→ EXERCISE DETAILS:
Leave the pictures aside and copy all the data exactly.

---------------

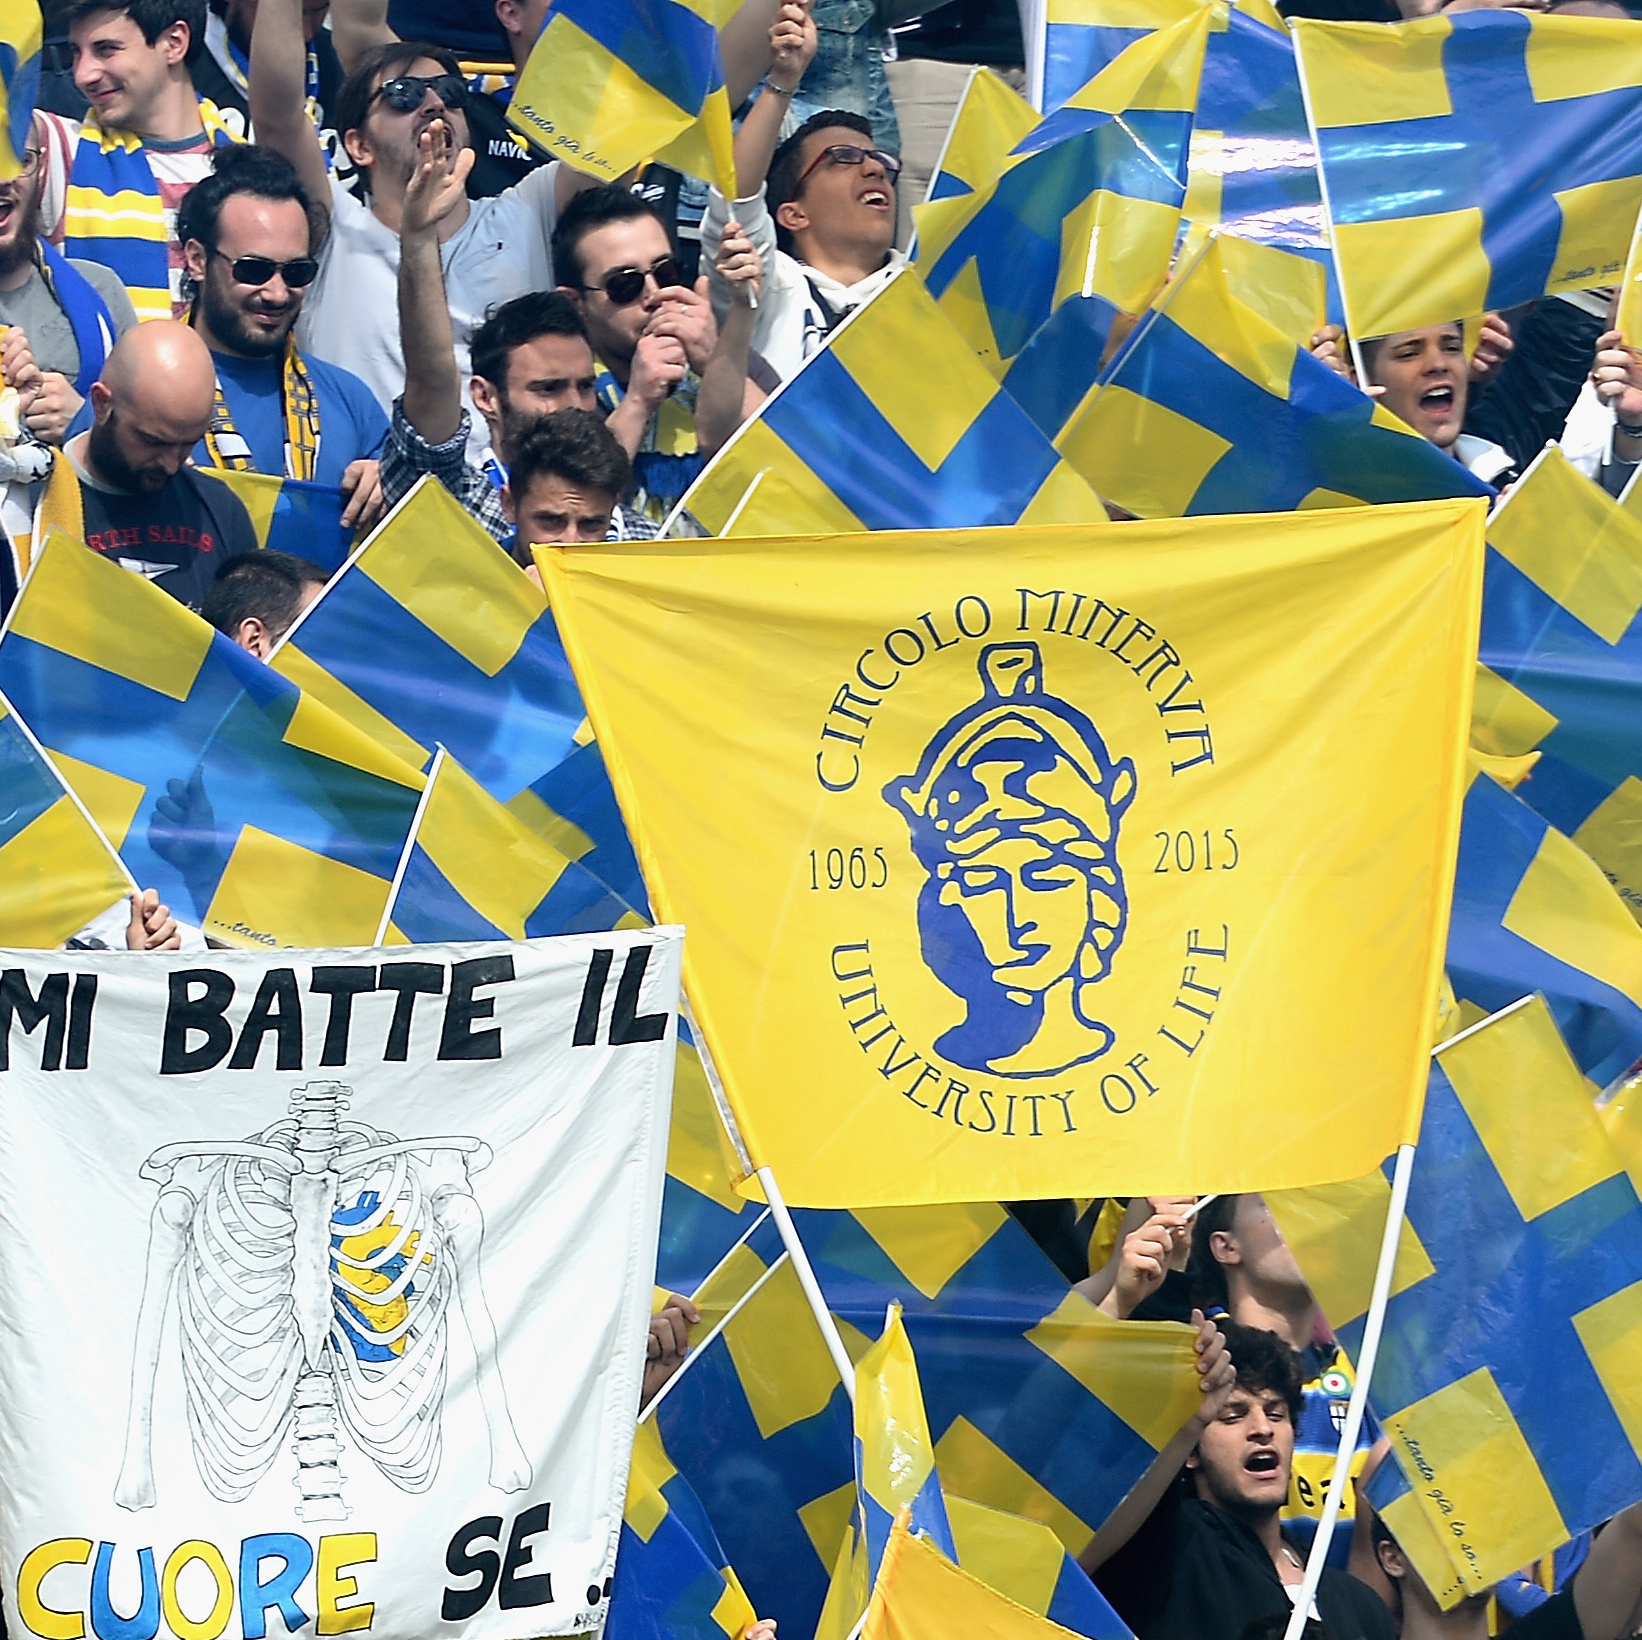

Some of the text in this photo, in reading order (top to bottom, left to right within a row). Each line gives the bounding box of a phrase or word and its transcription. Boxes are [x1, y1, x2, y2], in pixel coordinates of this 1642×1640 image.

[146, 524, 215, 554] SAILS
[816, 588, 1216, 793] CIRCOLO MINERVA
[808, 846, 889, 891] 1965
[1154, 828, 1241, 874] 2015
[214, 919, 278, 946] ...tanto
[159, 954, 517, 1076] BATTE
[571, 944, 670, 1049] IL
[830, 922, 1230, 1137] UNIVERSITY OF LIFE

---------------

→ PROBLEM SOLUTION:
Some of the text in this photo, in reading order (top to bottom, left to right within a row). Each line gives the bounding box of a phrase or word and its transcription. Boxes are [x1, y1, x2, y2], in pixel coordinates of this 1642×1640 image.

[146, 524, 215, 554] SAILS
[816, 588, 1216, 793] CIRCOLO MINERVA
[808, 846, 889, 891] 1965
[1154, 828, 1241, 874] 2015
[214, 919, 278, 946] ...tanto
[159, 954, 517, 1076] BATTE
[571, 944, 670, 1049] IL
[830, 922, 1230, 1137] UNIVERSITY OF LIFE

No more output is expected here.